Company” – As identified on the Invoice, the provider of the Goods or Services to Customer.

Customer” – As identified on the Invoice, the purchaser of the Goods or Services.

Invoice”:  The written or electronic documentation provided to Customer from Company identifying: (a) Company, (b) Customer, (c) amounts due, (d) the Goods, and (e) the Services.  Any additional terms or conditions or terms and conditions in conflict with this Agreement must be approved in writing by a vice president of Company.  Any additional or conflicting terms and conditions not so approved in writing are rejected.

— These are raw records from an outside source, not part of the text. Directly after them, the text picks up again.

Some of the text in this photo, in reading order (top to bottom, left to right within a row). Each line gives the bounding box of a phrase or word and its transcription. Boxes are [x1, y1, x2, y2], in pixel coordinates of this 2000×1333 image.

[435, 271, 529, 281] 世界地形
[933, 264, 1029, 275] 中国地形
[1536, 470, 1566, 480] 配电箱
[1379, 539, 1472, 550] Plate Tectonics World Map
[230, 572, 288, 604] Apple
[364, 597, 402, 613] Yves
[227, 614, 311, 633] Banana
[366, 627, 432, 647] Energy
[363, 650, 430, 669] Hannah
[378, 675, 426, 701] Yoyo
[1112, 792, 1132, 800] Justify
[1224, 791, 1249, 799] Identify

The documentation may be titled “Invoice,” “Sales Agreement,” “Sales and Security Agreement,” “Bill of Sale,” or otherwise and may or may not be signed by Customer.

TERMS OF THIS AGREEMENT:

Unless otherwise agreed in a written document signed by a vice president of Company, these Terms and Conditions of Sales and Service and the Invoice (collectively, this “Agreement”) govern the purchase of goods (including, but not limited to, new and used equipment, trucks, attachments, components, technology and parts) (“Goods”) and services (“Services”) from Company by any Customer. Company hereby rejects the terms of any purchase order or other document submitted by Customer, unless the document is signed by a vice president of Company. The placing of an order with Company, payment of an Invoice, or the receipt or acceptance of Goods or Services by Customer constitute Customer’s acceptance of this Agreement.

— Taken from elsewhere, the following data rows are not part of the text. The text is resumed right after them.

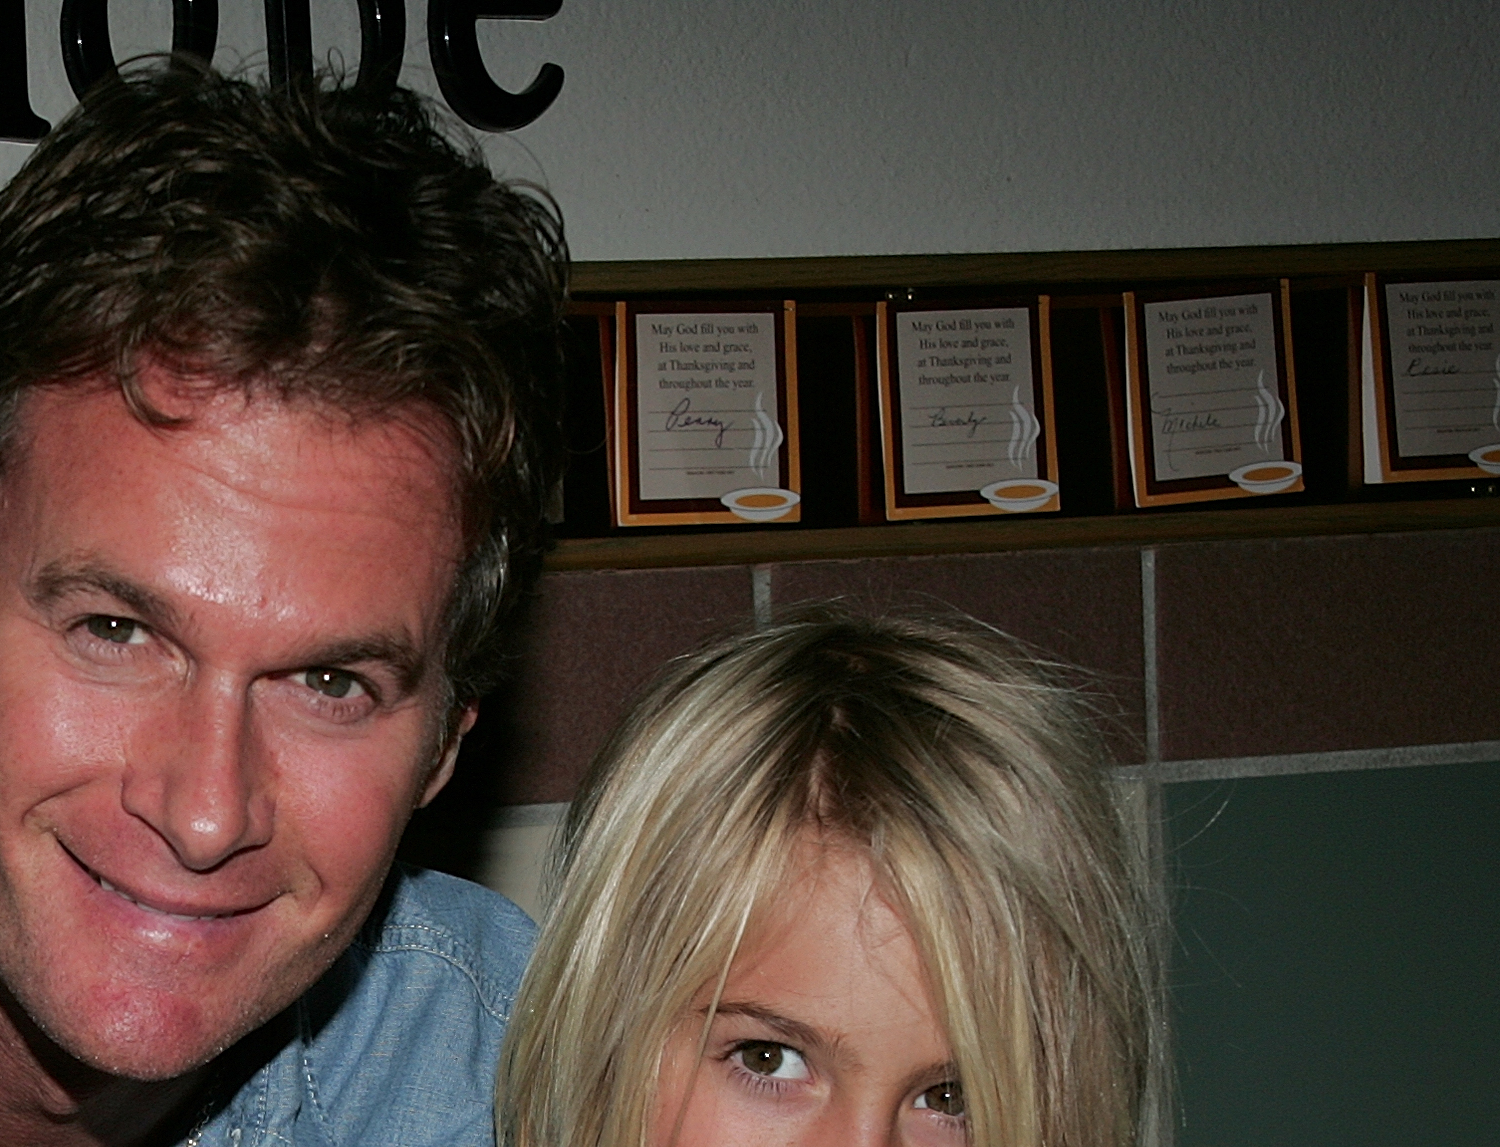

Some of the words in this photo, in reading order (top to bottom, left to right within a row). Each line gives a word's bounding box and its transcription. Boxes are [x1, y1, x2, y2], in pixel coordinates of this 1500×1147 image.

[651, 323, 673, 337] May
[676, 322, 698, 335] God
[700, 322, 714, 335] fill
[716, 325, 735, 338] you
[737, 321, 759, 334] with
[911, 321, 933, 334] May
[935, 318, 957, 332] God
[958, 318, 972, 331] fill
[973, 321, 992, 333] you
[993, 317, 1015, 329] with
[659, 341, 677, 353] His
[679, 341, 700, 353] love
[702, 340, 720, 353] and
[919, 338, 937, 350] His
[938, 337, 959, 349] love
[960, 335, 979, 349] and
[657, 361, 667, 371] at
[669, 359, 736, 374] Thanksgiving
[737, 358, 756, 371] and
[917, 358, 926, 368] at
[928, 353, 993, 369] Thanksgiving
[994, 352, 1012, 365] and
[658, 377, 712, 392] throughout
[714, 376, 730, 389] the
[918, 372, 971, 387] throughout
[972, 371, 988, 383] the
[665, 398, 733, 448] Penny
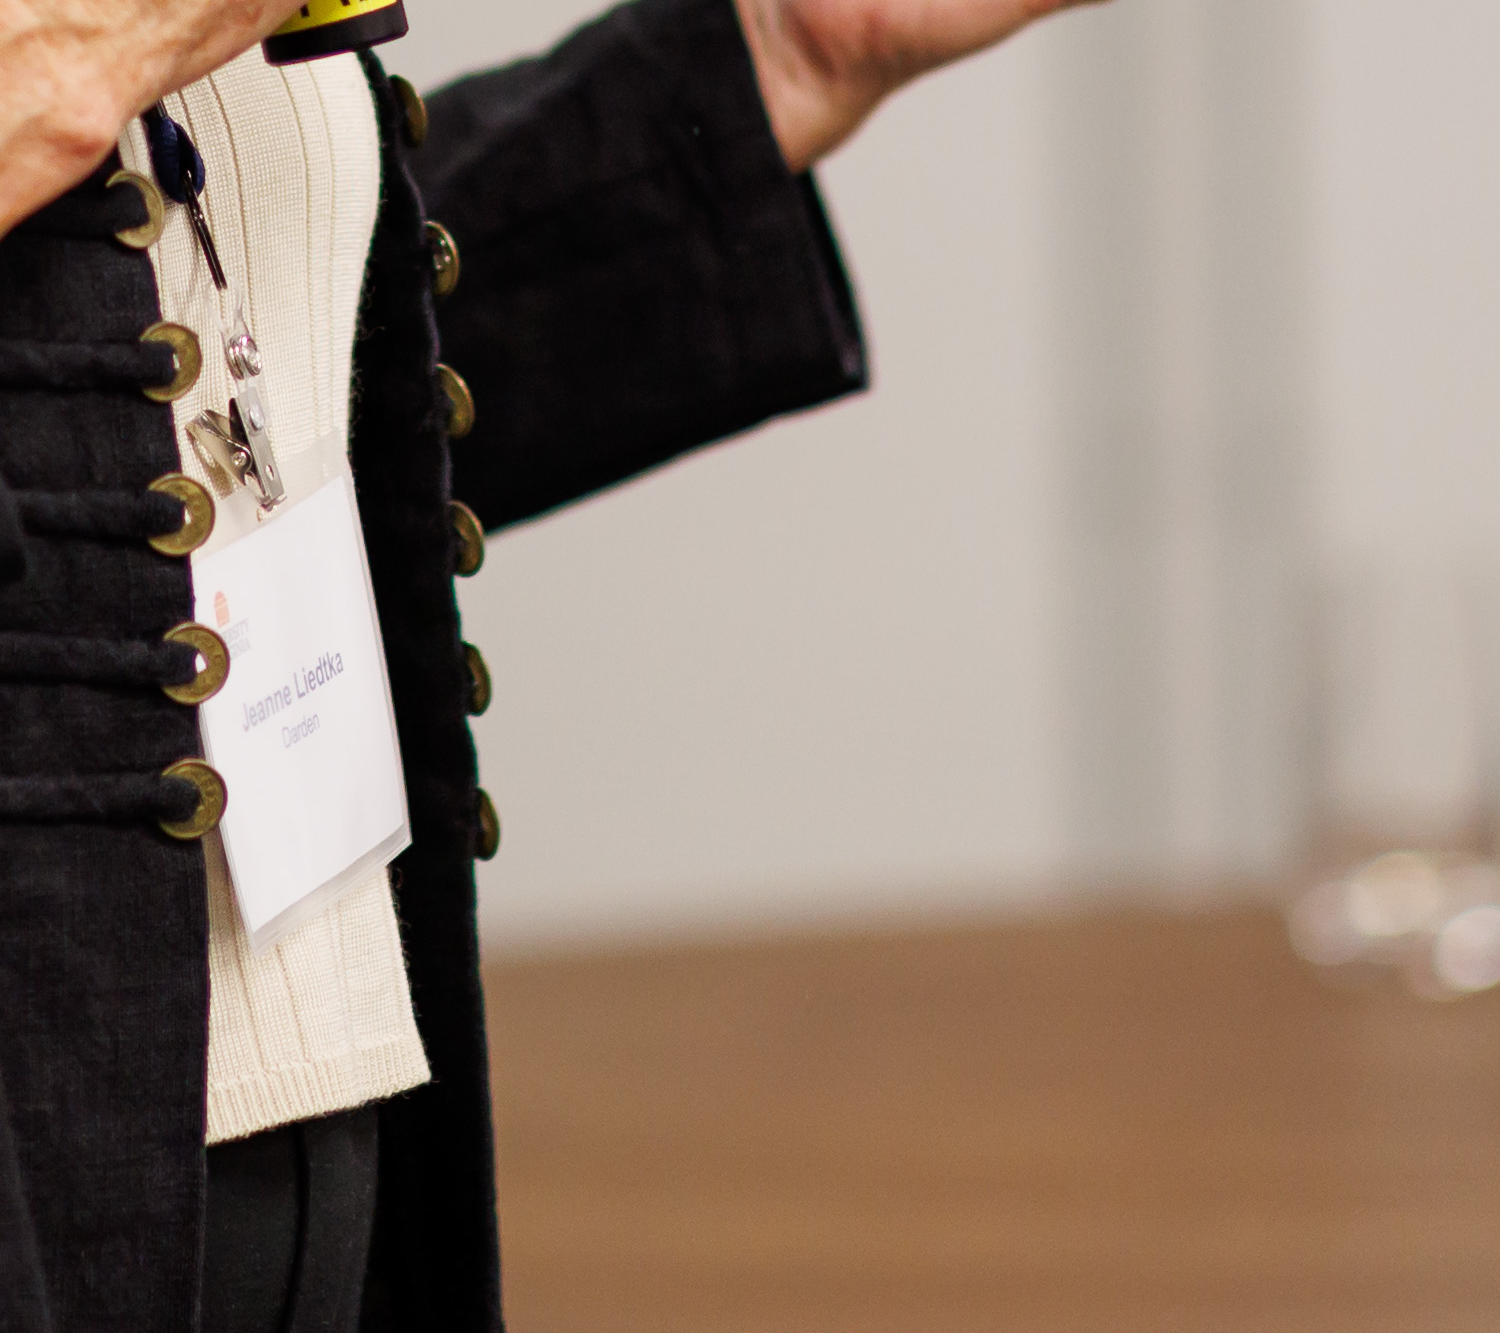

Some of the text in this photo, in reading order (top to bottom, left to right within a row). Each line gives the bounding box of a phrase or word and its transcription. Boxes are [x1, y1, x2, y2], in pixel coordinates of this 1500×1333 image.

[243, 651, 344, 732] Jeanne Liedtka
[281, 714, 320, 749] Darden

ORDER AND DELIVERY OF GOODS OR SERVICES:

Customer warrants that the Goods and/or Services will be used for business or agricultural purposes and not personal, family, or household purposes.  All orders for Goods and Services are subject to final acceptance by Company in its sole discretion and any such acceptance is conditioned upon the terms of this Agreement. Customer shall have no right to cancel purchase orders for Goods or Services once a purchase order is issued to Company; provided, however, some parts may be returnable to Company in accordance with Company’s then current parts return policy. Customer acknowledges that estimated delivery dates for Goods and Services are estimates only; actual delivery dates depend on a variety of factors, including, but not limited to, the production schedules of manufacturers. Company will use commercially reasonable efforts to meet estimated delivery dates and shall keep Customer advised of the status of its delivery, but Company shall have no liability for any loss associated with delay in the delivery of Goods or Services. In addition, Company shall have no liability for any delay in performance of Services or delivery of Goods caused by any circumstances beyond its reasonable control, including, but not limited to, delays caused by acts of God, acts of war or terrorism, fire or other casualty, storms or adverse weather, strikes, labor shortages or disturbances, shortages of materials, manufacturer delays, theft or vandalism, transport and handling accidents, or revisions to laws, regulations or governmental requirements.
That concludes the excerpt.